» **AIM OF THE TASK**
Return every entry exactly, except for any pictures.

INPUT DATA Start Marker

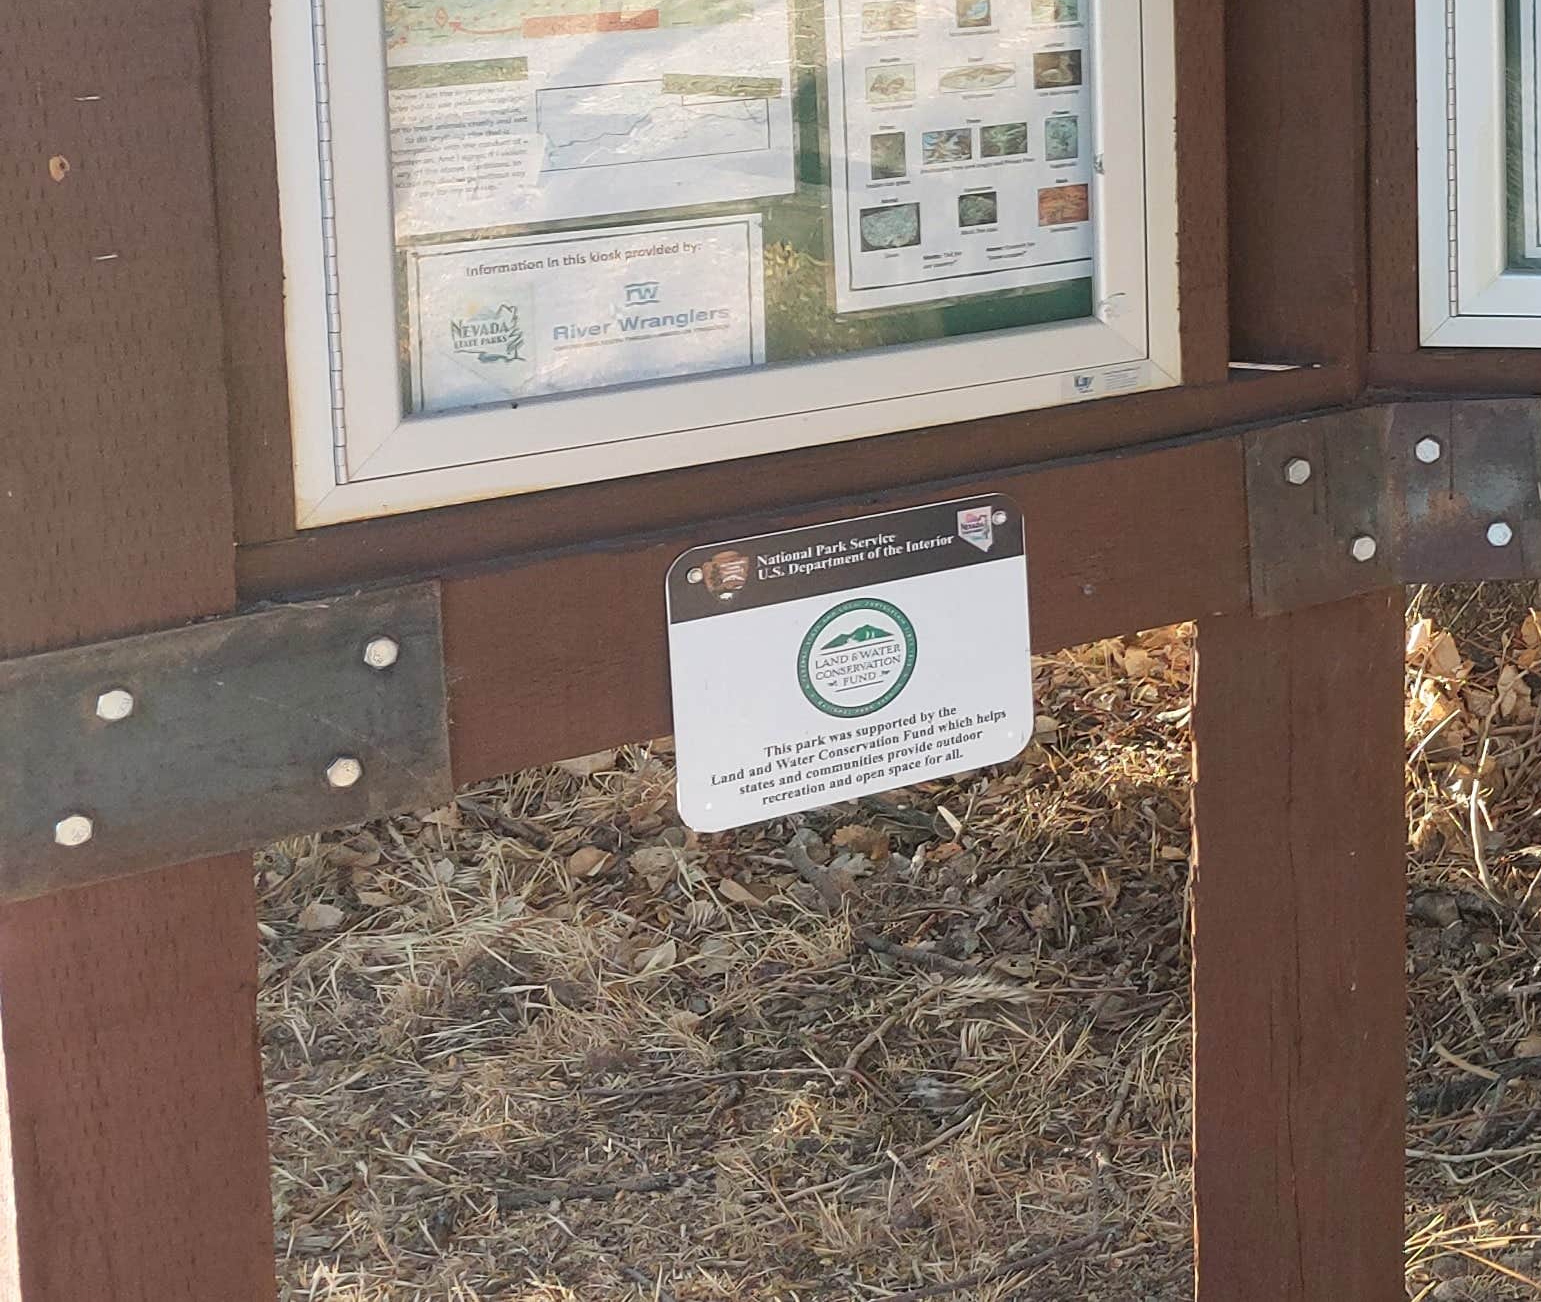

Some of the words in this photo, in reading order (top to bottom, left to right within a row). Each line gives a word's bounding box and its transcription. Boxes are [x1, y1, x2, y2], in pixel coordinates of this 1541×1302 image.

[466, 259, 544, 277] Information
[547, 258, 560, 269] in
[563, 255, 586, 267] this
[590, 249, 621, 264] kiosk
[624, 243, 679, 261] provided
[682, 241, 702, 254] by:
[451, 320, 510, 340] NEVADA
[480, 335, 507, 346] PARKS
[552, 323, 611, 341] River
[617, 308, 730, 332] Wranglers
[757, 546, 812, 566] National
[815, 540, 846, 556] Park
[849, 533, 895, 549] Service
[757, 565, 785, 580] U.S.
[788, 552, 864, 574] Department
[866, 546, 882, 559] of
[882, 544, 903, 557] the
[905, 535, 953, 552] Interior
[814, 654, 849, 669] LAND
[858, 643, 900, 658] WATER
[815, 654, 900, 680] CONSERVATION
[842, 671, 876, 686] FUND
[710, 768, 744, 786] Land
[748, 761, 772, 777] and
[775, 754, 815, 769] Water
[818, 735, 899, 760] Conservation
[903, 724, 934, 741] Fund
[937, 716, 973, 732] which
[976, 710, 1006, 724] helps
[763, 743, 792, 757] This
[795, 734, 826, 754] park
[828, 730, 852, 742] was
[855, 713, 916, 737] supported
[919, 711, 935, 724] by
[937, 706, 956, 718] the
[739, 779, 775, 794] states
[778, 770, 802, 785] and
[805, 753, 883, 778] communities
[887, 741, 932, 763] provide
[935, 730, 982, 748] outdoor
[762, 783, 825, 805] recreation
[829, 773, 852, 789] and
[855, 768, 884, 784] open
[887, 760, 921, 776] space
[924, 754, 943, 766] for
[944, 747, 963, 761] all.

INPUT DATA End Marker

» **WORKED SOLUTION**
Some of the words in this photo, in reading order (top to bottom, left to right within a row). Each line gives a word's bounding box and its transcription. Boxes are [x1, y1, x2, y2], in pixel coordinates of this 1541×1302 image.

[466, 259, 544, 277] Information
[547, 258, 560, 269] in
[563, 255, 586, 267] this
[590, 249, 621, 264] kiosk
[624, 243, 679, 261] provided
[682, 241, 702, 254] by:
[451, 320, 510, 340] NEVADA
[480, 335, 507, 346] PARKS
[552, 323, 611, 341] River
[617, 308, 730, 332] Wranglers
[757, 546, 812, 566] National
[815, 540, 846, 556] Park
[849, 533, 895, 549] Service
[757, 565, 785, 580] U.S.
[788, 552, 864, 574] Department
[866, 546, 882, 559] of
[882, 544, 903, 557] the
[905, 535, 953, 552] Interior
[814, 654, 849, 669] LAND
[858, 643, 900, 658] WATER
[815, 654, 900, 680] CONSERVATION
[842, 671, 876, 686] FUND
[710, 768, 744, 786] Land
[748, 761, 772, 777] and
[775, 754, 815, 769] Water
[818, 735, 899, 760] Conservation
[903, 724, 934, 741] Fund
[937, 716, 973, 732] which
[976, 710, 1006, 724] helps
[763, 743, 792, 757] This
[795, 734, 826, 754] park
[828, 730, 852, 742] was
[855, 713, 916, 737] supported
[919, 711, 935, 724] by
[937, 706, 956, 718] the
[739, 779, 775, 794] states
[778, 770, 802, 785] and
[805, 753, 883, 778] communities
[887, 741, 932, 763] provide
[935, 730, 982, 748] outdoor
[762, 783, 825, 805] recreation
[829, 773, 852, 789] and
[855, 768, 884, 784] open
[887, 760, 921, 776] space
[924, 754, 943, 766] for
[944, 747, 963, 761] all.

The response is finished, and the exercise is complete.